## EXERCISE
I'd like the entries reproduced exactly, with all pictures omitted.

## DATASET CONTENT
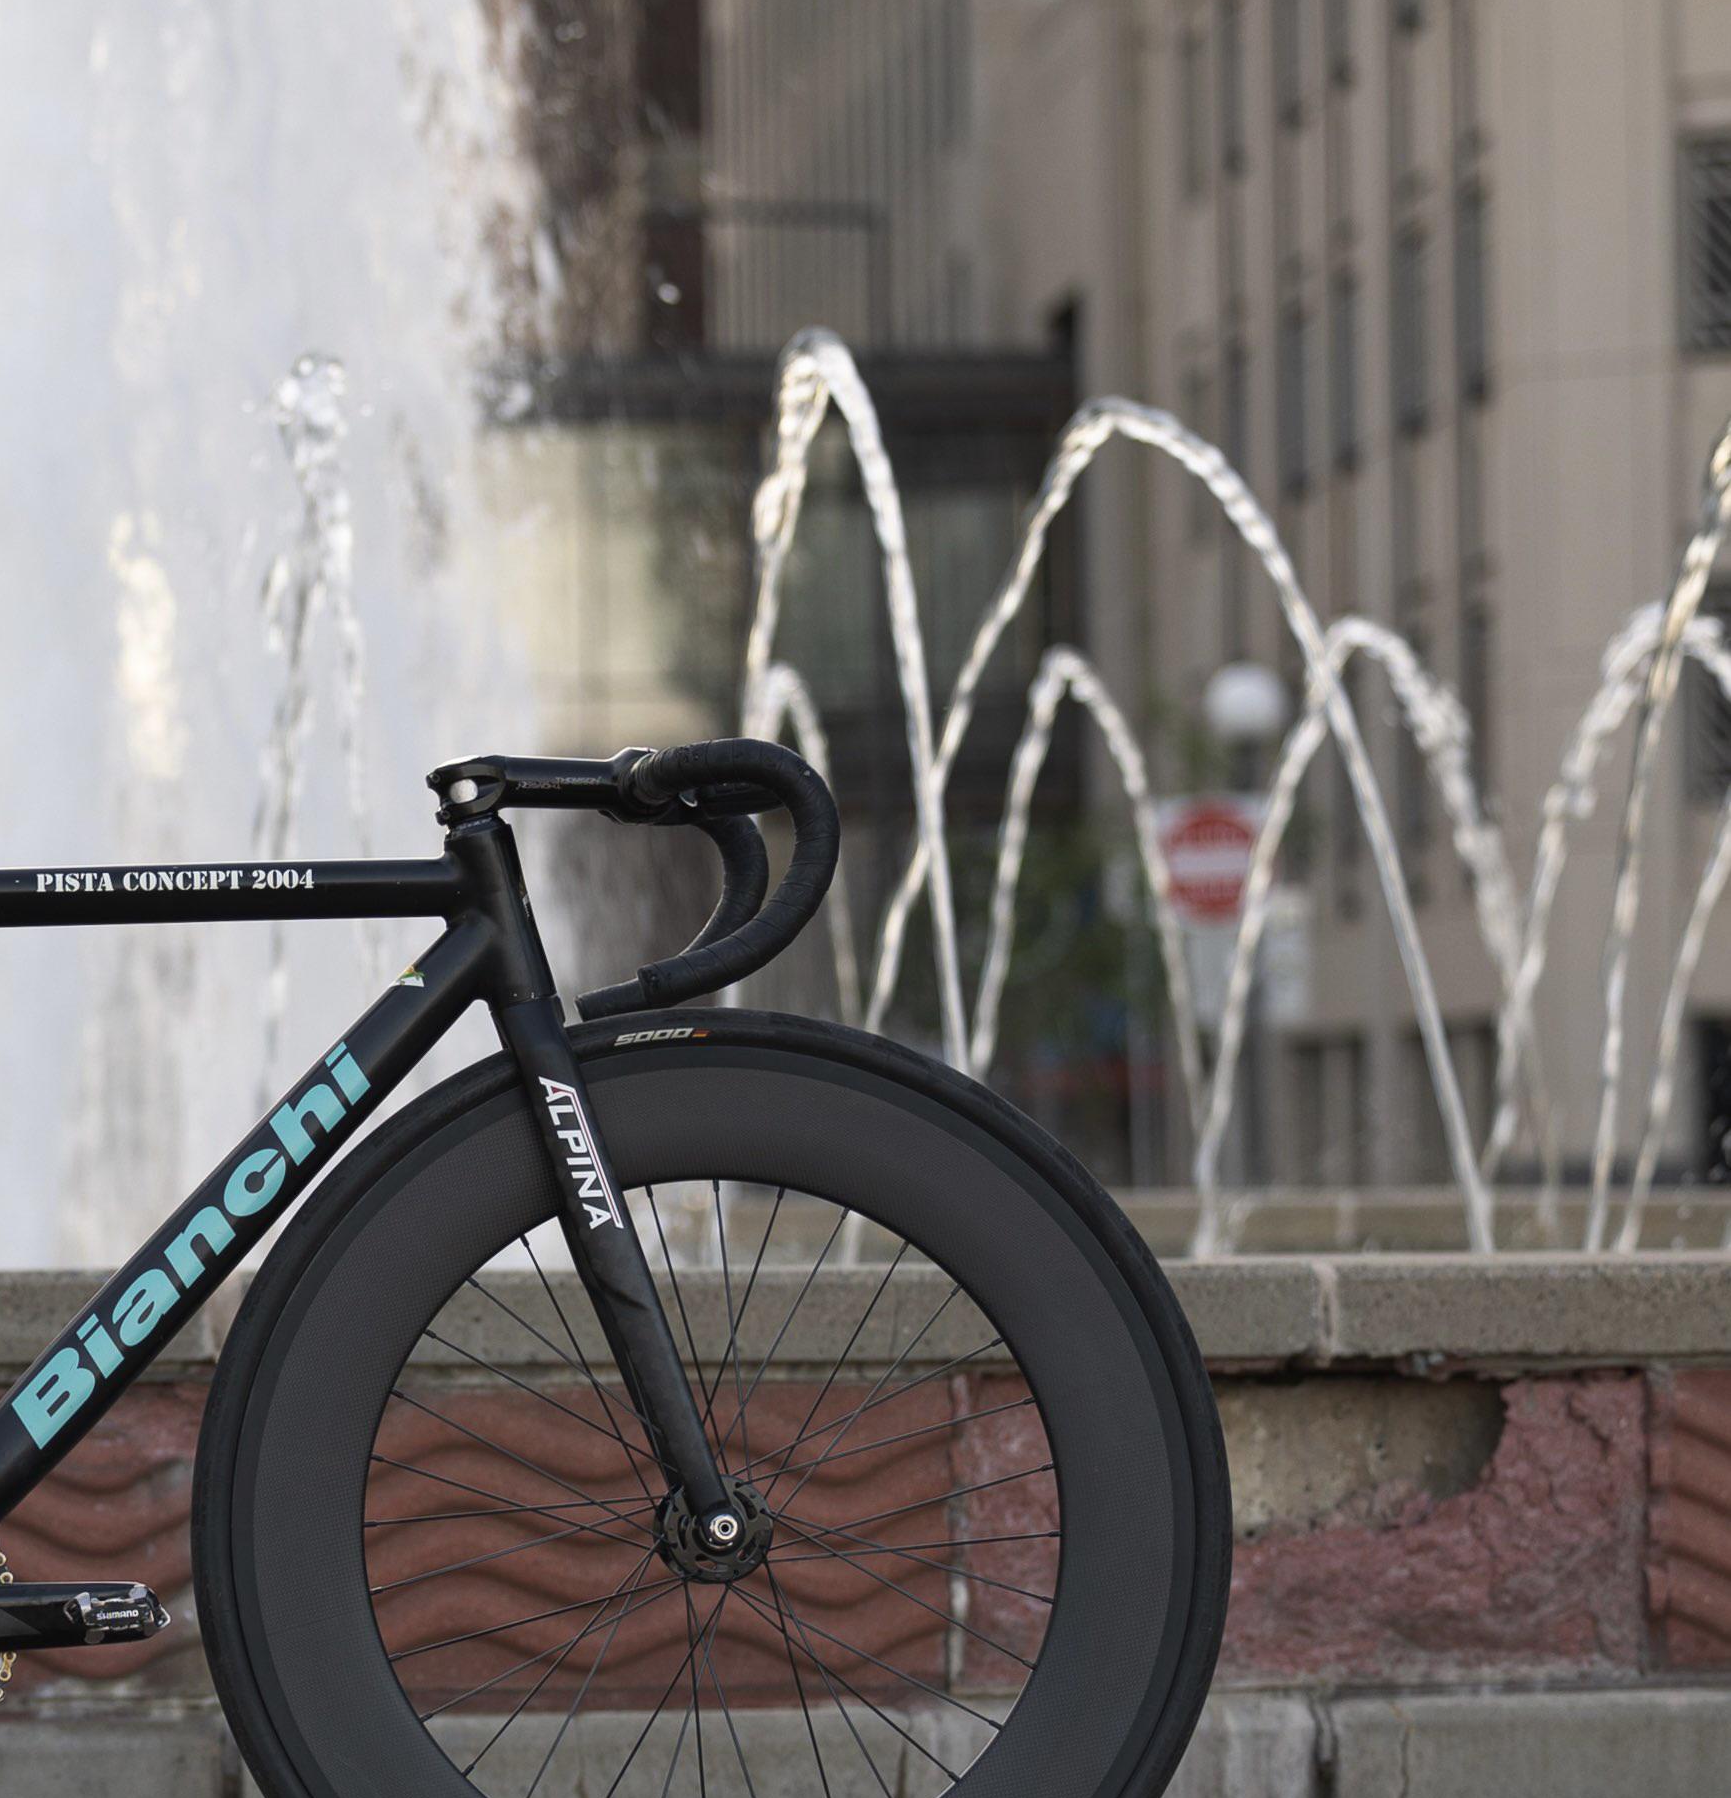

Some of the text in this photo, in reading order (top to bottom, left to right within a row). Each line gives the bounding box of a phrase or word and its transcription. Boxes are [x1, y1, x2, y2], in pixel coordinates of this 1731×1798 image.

[36, 868, 316, 893] PISTA CONCEPT 2004
[613, 1027, 694, 1047] 5000
[538, 1076, 622, 1230] ALPINA
[11, 1041, 371, 1451] Bianchi
[96, 1608, 140, 1621] SHIMANO

## ANSWER SPACE
Some of the text in this photo, in reading order (top to bottom, left to right within a row). Each line gives the bounding box of a phrase or word and its transcription. Boxes are [x1, y1, x2, y2], in pixel coordinates of this 1731×1798 image.

[36, 868, 316, 893] PISTA CONCEPT 2004
[613, 1027, 694, 1047] 5000
[538, 1076, 622, 1230] ALPINA
[11, 1041, 371, 1451] Bianchi
[96, 1608, 140, 1621] SHIMANO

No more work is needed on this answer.